Hingga bulan ke depan wanita itu terus melakukan kebiasaannya, sementara
sang suami menghabiskan malam-malamnya dengan begadang, memainkan
alat-alat musik yang tak ubahnya begadang dan bersenang-senang.
Ia membuka pintu dengan perlahan dan mendengar bacaan Al-Qur’an yang
demikian syahdu menggugah hati. Dengan perlahan dan hati-hati ia
memasuki kamar sebelah. Gelap dan sunyi, ia pertajam penglihatannya dan
melihat istrinya tengah berdoa. Ia mendekatinya dengan lembut tapi
cepat. Angin sepoi-sepoi membelai wajah sang istri. Ya Allah, perasaan
laki-laki itu bagai terguyur. Apalagi saat mendengar istrinya berdoa
sambil menangis. Curahan air matanya bagaikan butiran mutiara yang
menghiasi wajah cantiknya.
Tubuh lelaki itu bergetar hebat, kemana selama ini ia pergi,
meninggalkan istri yang penuh cinta kasih? Sungguh jauh berbeda dengan
istrinya, antara jiwa yang bergelimang dosa dengan jiwa gemerlap di
taman kenikmatan, di hadapan Rabbnya. Lelaki itu menangis, air matanya
tak mampu tertahan. Sesaat kemudian adzan subuh. Lelaki itu memohon
ampun atas dosa-dosanya selama ini, ia lantas menunaikan shalat subuh
dengan kekhusyukan yang belum pernah dilakukan seumur hidupnya.

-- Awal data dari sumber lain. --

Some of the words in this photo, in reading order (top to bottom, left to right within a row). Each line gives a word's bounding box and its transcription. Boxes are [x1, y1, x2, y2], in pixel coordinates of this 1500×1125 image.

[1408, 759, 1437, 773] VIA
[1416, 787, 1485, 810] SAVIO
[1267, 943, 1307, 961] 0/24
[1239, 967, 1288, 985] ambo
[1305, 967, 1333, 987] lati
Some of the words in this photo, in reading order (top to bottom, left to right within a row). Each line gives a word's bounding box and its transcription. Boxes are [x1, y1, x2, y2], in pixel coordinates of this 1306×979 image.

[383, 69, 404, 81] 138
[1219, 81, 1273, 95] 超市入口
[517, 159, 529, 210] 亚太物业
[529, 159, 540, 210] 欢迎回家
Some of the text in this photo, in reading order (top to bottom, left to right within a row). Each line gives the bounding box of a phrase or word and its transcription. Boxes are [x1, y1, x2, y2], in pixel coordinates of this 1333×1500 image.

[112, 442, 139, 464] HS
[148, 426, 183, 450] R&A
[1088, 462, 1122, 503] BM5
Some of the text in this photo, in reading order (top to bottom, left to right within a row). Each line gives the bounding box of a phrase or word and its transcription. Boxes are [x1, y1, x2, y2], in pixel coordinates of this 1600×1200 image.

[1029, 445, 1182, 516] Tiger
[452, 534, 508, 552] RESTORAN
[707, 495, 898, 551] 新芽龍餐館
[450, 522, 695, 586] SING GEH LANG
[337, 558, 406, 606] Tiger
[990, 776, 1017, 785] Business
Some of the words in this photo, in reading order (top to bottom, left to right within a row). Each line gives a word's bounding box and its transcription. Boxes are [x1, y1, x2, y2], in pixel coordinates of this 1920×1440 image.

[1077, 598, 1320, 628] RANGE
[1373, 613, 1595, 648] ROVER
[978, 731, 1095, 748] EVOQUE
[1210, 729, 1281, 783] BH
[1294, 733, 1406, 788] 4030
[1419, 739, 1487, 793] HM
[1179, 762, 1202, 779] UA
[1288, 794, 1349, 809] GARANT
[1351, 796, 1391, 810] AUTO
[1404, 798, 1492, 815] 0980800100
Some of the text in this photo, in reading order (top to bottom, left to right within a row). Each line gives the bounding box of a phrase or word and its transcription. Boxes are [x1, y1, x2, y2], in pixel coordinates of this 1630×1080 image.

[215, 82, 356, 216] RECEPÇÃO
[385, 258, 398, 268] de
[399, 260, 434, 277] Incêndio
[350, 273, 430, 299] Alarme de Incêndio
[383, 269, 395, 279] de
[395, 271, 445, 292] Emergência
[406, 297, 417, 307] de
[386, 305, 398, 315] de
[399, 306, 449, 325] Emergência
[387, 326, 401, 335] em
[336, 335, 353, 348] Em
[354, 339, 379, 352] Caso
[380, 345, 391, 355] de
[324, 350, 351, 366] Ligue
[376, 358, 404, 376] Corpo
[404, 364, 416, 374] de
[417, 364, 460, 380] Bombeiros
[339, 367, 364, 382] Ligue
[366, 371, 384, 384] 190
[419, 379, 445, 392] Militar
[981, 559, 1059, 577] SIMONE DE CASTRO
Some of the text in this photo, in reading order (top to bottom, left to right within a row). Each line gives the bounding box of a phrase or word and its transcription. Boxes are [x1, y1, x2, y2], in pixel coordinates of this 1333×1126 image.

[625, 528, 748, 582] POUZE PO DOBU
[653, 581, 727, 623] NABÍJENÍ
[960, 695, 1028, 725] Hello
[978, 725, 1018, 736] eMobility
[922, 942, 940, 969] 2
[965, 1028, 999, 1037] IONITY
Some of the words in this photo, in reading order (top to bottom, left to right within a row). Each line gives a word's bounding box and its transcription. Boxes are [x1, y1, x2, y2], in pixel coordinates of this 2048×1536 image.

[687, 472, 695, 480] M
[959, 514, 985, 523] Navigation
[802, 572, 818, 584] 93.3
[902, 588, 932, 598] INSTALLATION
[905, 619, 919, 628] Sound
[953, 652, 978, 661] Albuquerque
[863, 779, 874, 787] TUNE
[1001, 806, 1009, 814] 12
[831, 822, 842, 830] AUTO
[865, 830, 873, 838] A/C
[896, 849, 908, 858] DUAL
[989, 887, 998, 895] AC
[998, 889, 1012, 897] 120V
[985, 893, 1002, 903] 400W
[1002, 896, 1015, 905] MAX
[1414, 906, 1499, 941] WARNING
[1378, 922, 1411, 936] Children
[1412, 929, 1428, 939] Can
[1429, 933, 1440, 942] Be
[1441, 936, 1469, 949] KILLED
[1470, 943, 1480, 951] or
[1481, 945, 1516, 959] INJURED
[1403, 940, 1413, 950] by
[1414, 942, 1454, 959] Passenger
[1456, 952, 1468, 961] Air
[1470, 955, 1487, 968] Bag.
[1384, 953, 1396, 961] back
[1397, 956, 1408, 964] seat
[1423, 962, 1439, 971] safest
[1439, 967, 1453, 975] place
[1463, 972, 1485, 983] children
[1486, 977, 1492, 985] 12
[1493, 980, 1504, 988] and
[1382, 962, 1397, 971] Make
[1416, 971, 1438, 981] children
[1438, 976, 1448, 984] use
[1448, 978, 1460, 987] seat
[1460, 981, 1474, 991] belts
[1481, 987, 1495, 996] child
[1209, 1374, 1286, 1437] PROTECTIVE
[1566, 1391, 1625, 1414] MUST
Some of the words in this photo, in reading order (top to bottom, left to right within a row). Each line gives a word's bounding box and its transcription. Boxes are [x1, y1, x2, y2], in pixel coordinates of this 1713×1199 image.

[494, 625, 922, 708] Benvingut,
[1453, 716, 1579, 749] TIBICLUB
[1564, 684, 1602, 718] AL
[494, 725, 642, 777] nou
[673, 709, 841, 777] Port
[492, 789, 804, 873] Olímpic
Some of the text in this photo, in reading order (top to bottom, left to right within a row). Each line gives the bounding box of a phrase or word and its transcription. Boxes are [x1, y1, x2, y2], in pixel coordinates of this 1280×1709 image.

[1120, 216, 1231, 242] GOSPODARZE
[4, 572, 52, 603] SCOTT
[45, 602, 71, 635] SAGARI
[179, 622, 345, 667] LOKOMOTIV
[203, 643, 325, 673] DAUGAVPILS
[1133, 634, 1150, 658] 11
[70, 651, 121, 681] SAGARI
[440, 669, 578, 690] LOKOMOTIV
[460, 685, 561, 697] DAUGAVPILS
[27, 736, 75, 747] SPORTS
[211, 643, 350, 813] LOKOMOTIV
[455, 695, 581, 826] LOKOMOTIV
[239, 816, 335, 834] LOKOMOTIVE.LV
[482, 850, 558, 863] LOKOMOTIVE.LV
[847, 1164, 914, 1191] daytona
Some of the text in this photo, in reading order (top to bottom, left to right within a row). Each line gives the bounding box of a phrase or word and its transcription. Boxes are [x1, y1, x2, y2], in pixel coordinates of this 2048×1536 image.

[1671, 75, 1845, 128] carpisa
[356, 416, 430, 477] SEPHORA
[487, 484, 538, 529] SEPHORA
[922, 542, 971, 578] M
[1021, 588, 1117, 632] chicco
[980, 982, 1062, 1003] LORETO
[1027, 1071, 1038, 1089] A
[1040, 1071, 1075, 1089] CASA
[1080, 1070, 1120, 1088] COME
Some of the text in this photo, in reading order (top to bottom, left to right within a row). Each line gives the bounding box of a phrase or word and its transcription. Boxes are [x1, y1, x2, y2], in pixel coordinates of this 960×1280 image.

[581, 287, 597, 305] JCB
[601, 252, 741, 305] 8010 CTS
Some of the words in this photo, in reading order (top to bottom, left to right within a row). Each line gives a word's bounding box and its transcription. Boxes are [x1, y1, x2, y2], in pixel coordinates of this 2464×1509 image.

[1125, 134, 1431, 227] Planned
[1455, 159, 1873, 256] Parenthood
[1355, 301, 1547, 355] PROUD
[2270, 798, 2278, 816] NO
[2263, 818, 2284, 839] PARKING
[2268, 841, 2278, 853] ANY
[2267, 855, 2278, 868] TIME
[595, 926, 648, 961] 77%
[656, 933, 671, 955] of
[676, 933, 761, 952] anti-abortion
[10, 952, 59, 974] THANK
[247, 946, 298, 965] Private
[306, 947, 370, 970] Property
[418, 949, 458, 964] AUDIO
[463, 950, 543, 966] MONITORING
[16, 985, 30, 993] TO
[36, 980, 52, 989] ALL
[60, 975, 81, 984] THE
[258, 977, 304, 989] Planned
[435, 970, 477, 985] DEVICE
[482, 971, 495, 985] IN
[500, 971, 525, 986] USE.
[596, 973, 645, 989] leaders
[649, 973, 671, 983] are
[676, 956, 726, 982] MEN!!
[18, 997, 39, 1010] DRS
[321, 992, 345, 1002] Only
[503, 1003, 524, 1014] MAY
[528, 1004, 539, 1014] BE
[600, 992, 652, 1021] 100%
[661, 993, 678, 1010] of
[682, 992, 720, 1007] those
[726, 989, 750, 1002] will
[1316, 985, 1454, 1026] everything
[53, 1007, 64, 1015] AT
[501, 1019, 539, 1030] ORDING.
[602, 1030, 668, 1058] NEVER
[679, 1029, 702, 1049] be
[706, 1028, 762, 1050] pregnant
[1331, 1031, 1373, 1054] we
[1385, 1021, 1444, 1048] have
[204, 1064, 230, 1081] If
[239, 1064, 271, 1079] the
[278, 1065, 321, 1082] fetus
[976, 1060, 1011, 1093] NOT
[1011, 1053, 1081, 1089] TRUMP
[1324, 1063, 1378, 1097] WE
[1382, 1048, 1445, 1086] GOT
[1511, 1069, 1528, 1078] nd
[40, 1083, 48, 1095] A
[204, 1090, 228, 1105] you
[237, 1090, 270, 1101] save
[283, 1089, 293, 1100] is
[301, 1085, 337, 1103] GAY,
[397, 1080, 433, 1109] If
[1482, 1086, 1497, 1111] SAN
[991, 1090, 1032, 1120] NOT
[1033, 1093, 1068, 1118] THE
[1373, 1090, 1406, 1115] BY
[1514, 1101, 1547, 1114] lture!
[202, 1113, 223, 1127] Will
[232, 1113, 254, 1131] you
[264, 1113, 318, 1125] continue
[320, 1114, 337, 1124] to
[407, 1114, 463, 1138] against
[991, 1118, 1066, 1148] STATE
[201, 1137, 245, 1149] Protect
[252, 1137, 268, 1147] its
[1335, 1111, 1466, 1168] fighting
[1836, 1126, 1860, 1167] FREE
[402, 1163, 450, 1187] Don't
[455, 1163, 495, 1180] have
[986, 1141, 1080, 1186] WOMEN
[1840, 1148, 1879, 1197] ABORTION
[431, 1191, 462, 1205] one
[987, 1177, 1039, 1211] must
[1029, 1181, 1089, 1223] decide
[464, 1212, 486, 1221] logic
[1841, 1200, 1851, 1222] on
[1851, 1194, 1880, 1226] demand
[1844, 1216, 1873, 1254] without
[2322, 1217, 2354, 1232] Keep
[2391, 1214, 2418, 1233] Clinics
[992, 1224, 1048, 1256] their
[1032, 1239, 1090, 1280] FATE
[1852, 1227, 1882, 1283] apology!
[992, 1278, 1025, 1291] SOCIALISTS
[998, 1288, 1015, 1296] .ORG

Inilah buah dari doa wanita shalihah yang selalu memohonkan kebaikan untuk sang suami, sang pendamping hidup.
Beberapa tahun kemudian, segala wujud pertobatan lelaki itu mengalir
dalam bentuk ceramah, khutbah, dan nasihat yang tersampaikan oleh
lisannya. Ya lelaki itu kini telah menjadi da’i besar di kota Madinah.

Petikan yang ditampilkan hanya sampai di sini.